Education Week: Talking is easy; conversations are hard

Ari Davis
Audience members at John R. Stoker’s Education Week presentation takes notes on how to hold difficult conversations.

Talking about the weather is easy, but sometimes the conversations that count the most are the hardest.

In an Education Week presentation on Monday, effective communication expert and president of DialogueWORKS John R. Stoker explained how having a plan of action is the best way to hold effective conversations.

The first obstacle most people face in having difficult conversations, whether it is about violated expectations or financial issues, is FEAR — which stands for Fantasized Experience Appearing Real.

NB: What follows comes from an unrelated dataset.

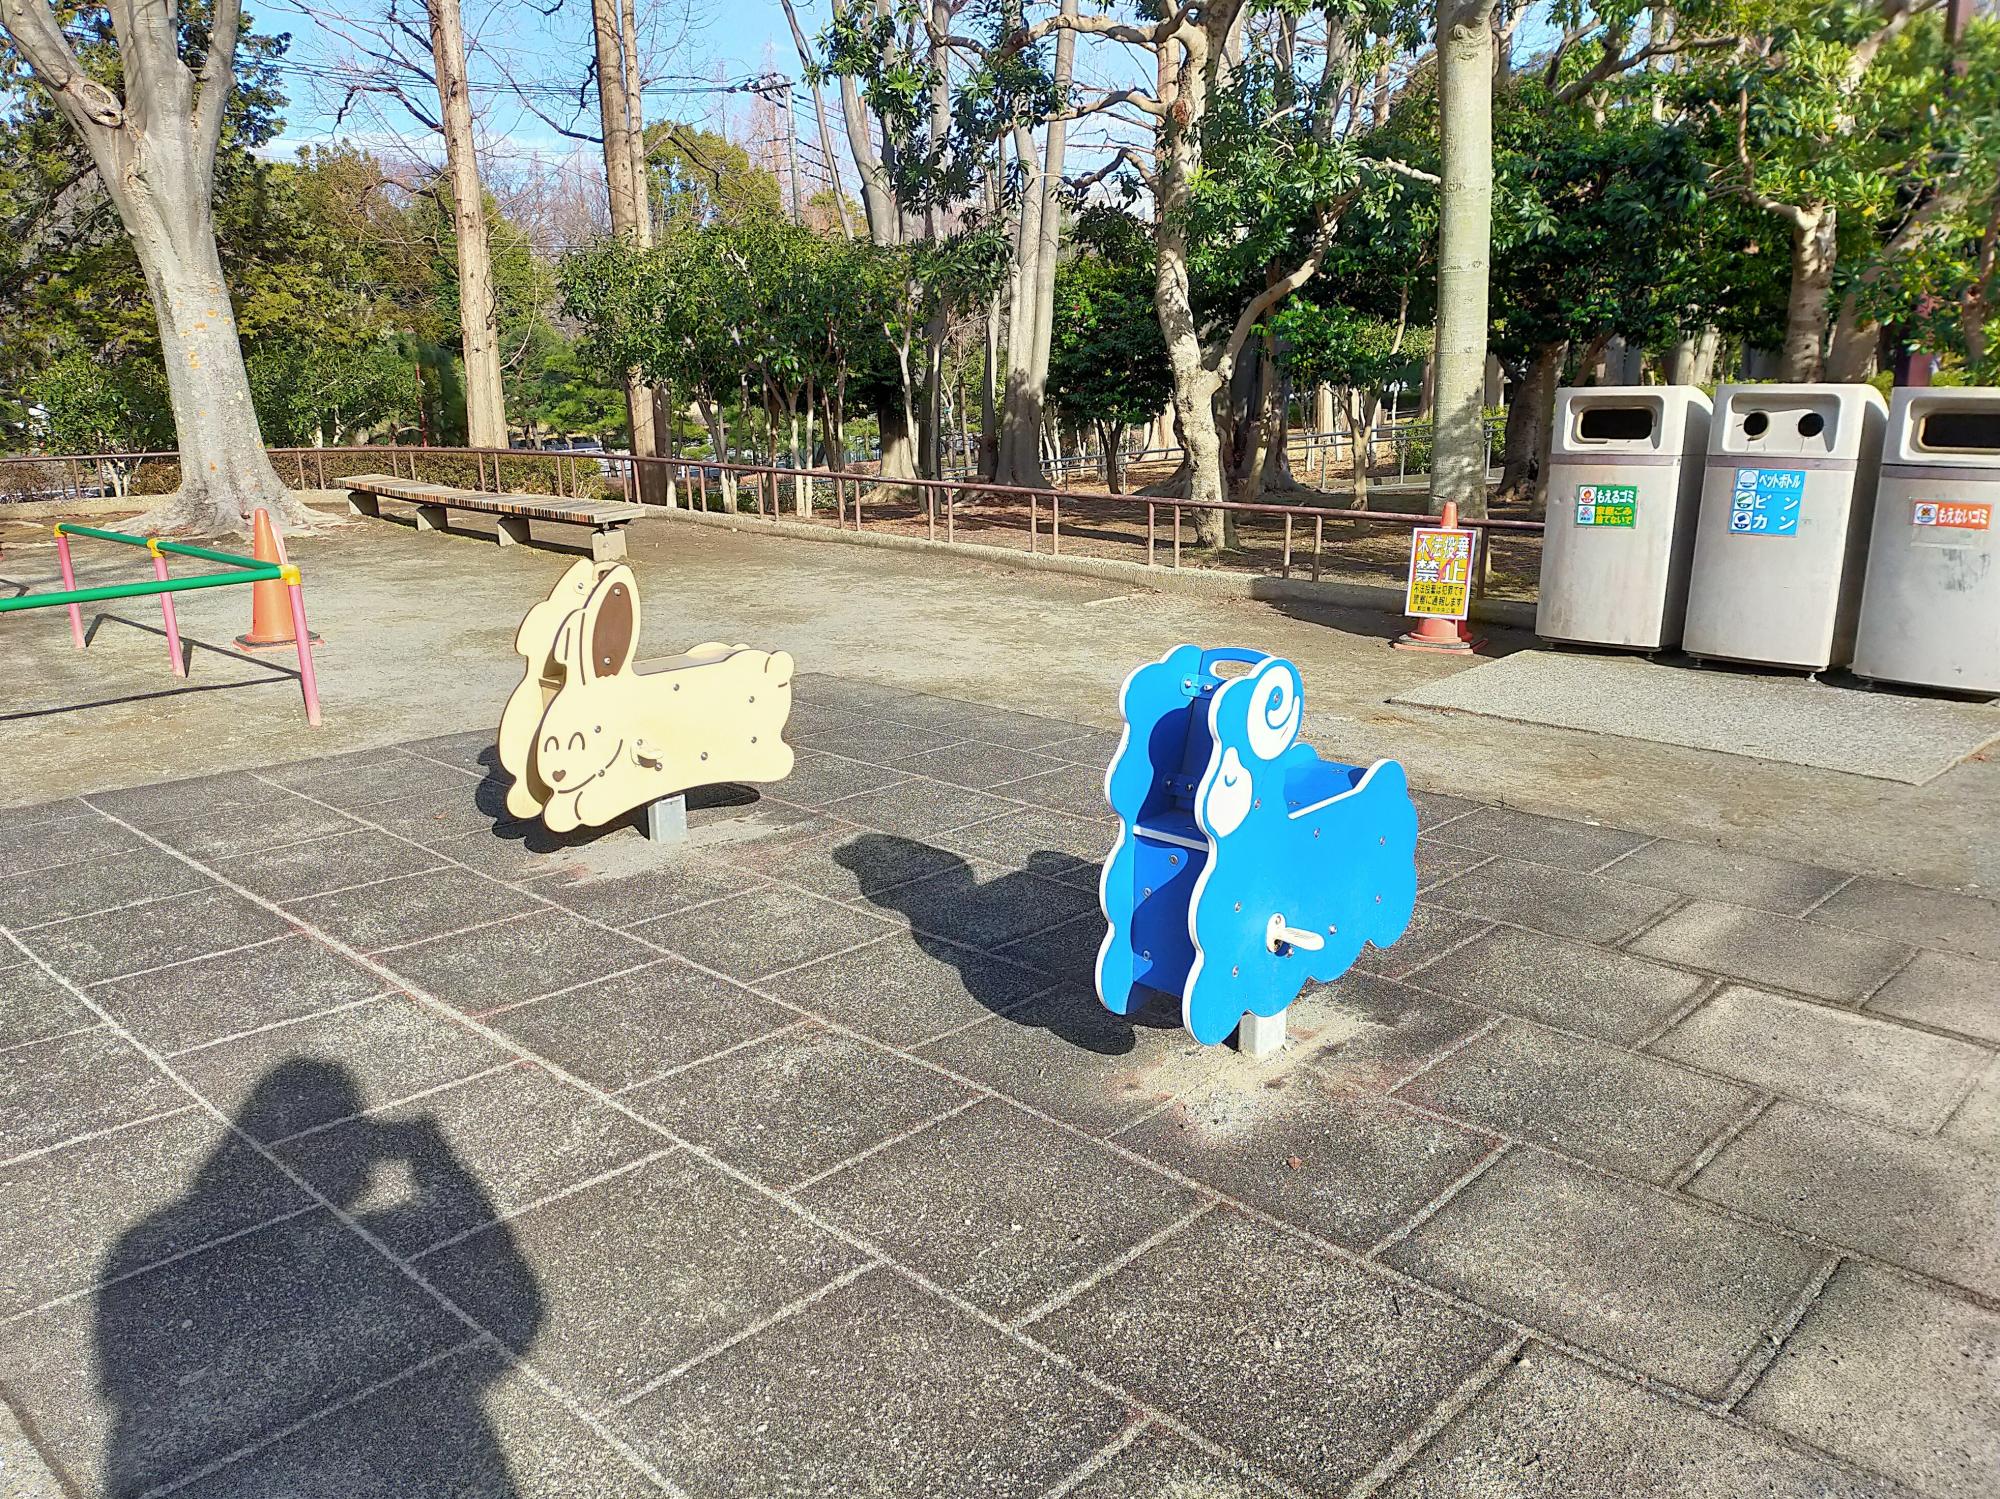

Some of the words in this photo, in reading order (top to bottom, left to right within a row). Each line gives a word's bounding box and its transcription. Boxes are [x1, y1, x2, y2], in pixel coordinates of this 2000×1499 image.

Stoker has found that people often project their own negative emotions about a pending conversation because they are clouded by personal interpretation that supports premade assumptions, not the data.

In order to prevent negative conversations, Stoker has developed a four-part system that creates an effective conversation.

Ari Davis
Presenter John R. Stoker encourages the audience to have a plan of action before starting difficult conversations, like he does when he talks with his teenagers.

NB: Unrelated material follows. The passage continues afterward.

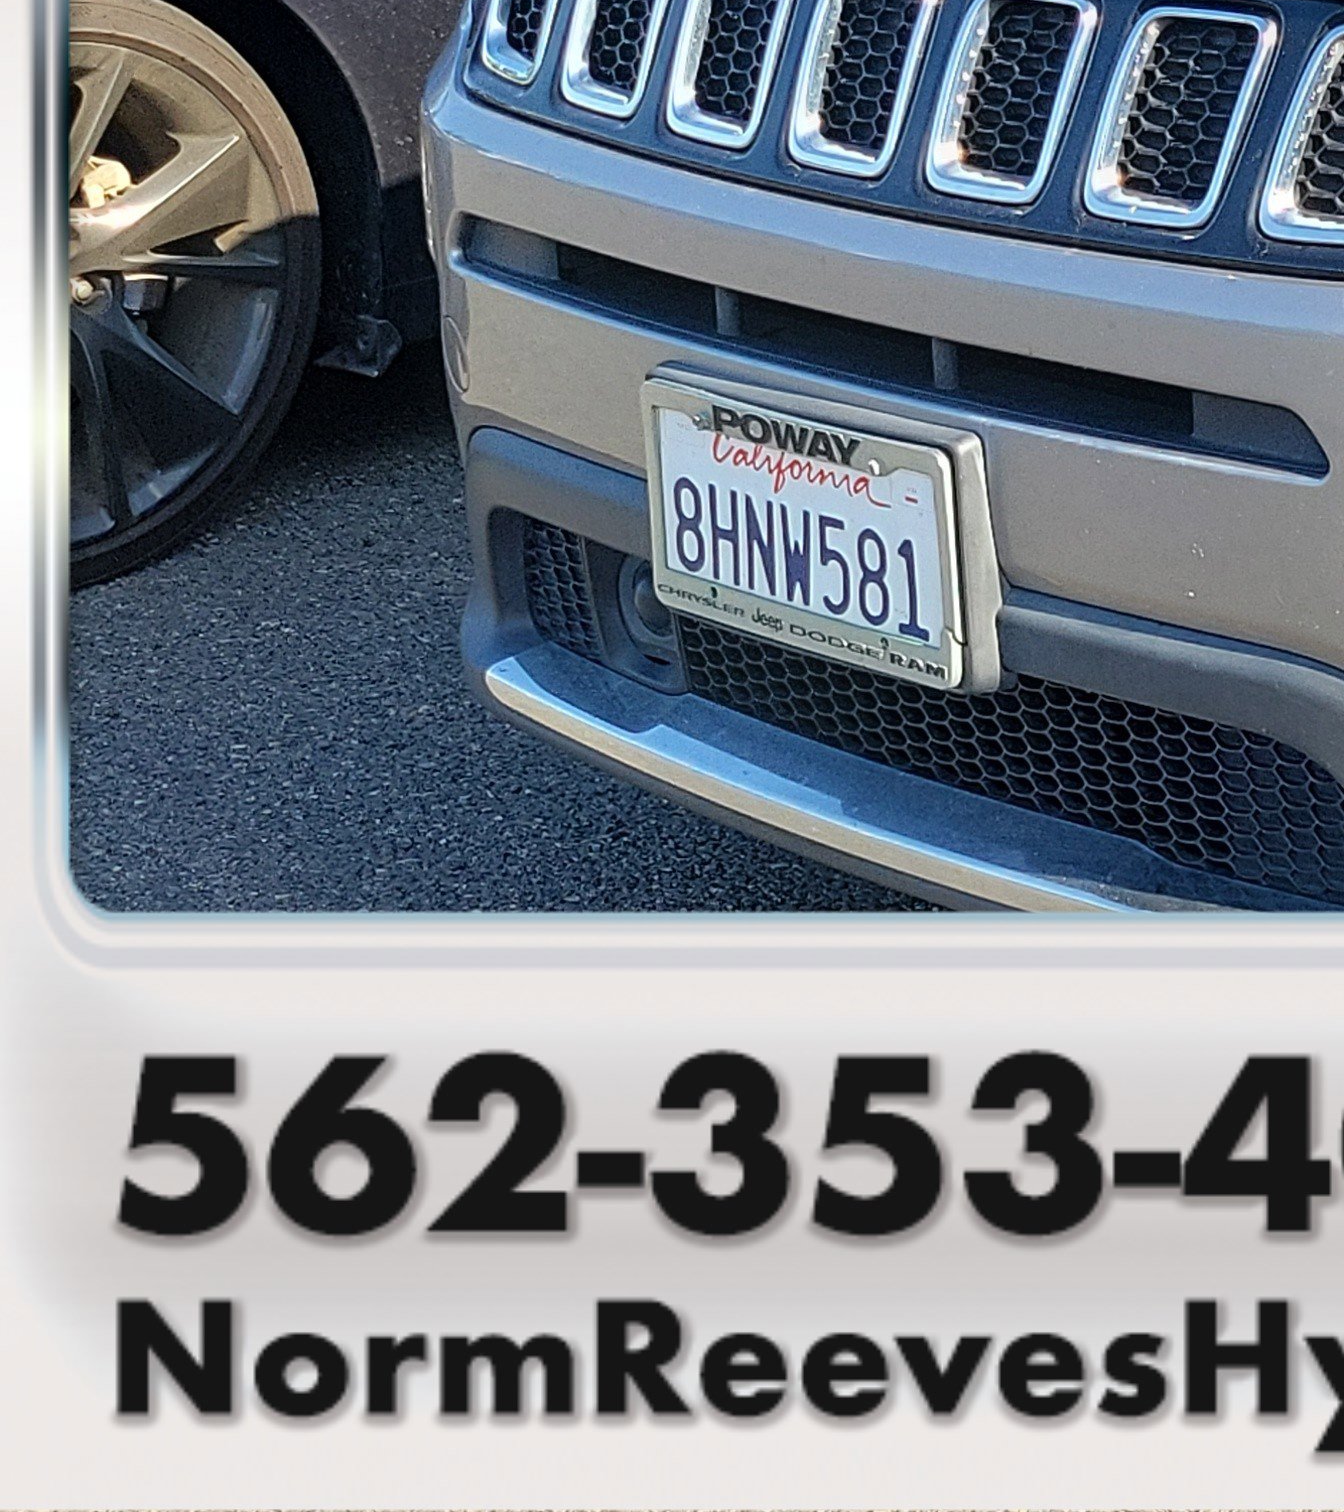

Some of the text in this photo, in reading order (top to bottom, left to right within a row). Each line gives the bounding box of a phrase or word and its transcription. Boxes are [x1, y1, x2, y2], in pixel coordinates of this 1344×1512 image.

[711, 404, 862, 466] POWAY
[672, 476, 931, 643] 8HNW581
[657, 582, 949, 681] CHRYSLER Jeep DODGE RAM

The first step is positively initiating the conversation, which involves clarifying what needs to be addressed in the conversation while communicating respect to the other person through both tone and words.

“If you don’t know what you want, it really doesn’t matter what you get,” Stoker said about planning your conversations in advance.

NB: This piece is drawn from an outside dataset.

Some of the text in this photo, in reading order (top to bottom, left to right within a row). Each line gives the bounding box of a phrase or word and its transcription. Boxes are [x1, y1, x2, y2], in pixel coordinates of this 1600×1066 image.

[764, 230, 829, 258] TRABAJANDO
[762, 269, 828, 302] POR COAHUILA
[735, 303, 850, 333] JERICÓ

To set a conversation in a positive direction, Stoker suggests using I-statements before you-statements.

For example, instead of a parent saying, “You came home past curfew last night,” a less confrontational statement would be, “I noticed you came home past curfew last night, I’d like to talk about that.”

The next step of the conversation is considered the discovery stage, which is where the conversation holder learns more about the other party’s view on the situation by asking confirming and learning questions.

Confirming questions usually incite “yes” or “no” responses that confirm assumptions as facts.

In the case of a teen breaking curfew, a confirming question would be, “I have talked to you about curfew being at 11:30 before, right?”

Learning questions allow the other person to explain him or herself or expand upon the situation, so the initiator of the conversation can obtain answers they need to better understand both sides of the issue.

“Why did you come home late last night, is there something I need to know?”

Following the discovery phase is summarizing and clarifying the issue at hand by connecting.

In this phase, both parties are honest about what they want, their expectations and the consequences to particular actions.

“I expect you to be home by 11:30, because then you can wake-up for school on time and I know that you are safe.”

The final phase of conversation is build, which reinforces the conversation by creating a plan and establishing accountability.

Stoker suggested the best way to get results from a conversation is to create specificity and to allow the other party to create their own plan with consequences, because they will be more invested in keeping the commitment they made — but guidance is always welcomed.

“Now that I have explained why I want you to be home for curfew, what is your plan for keeping curfew and what will be the consequences when you aren’t home on time?”

According to Stoker, the best way to have effective conversations is to practice. He says progress will take time but will be worth the effort as communication about problems becomes easier.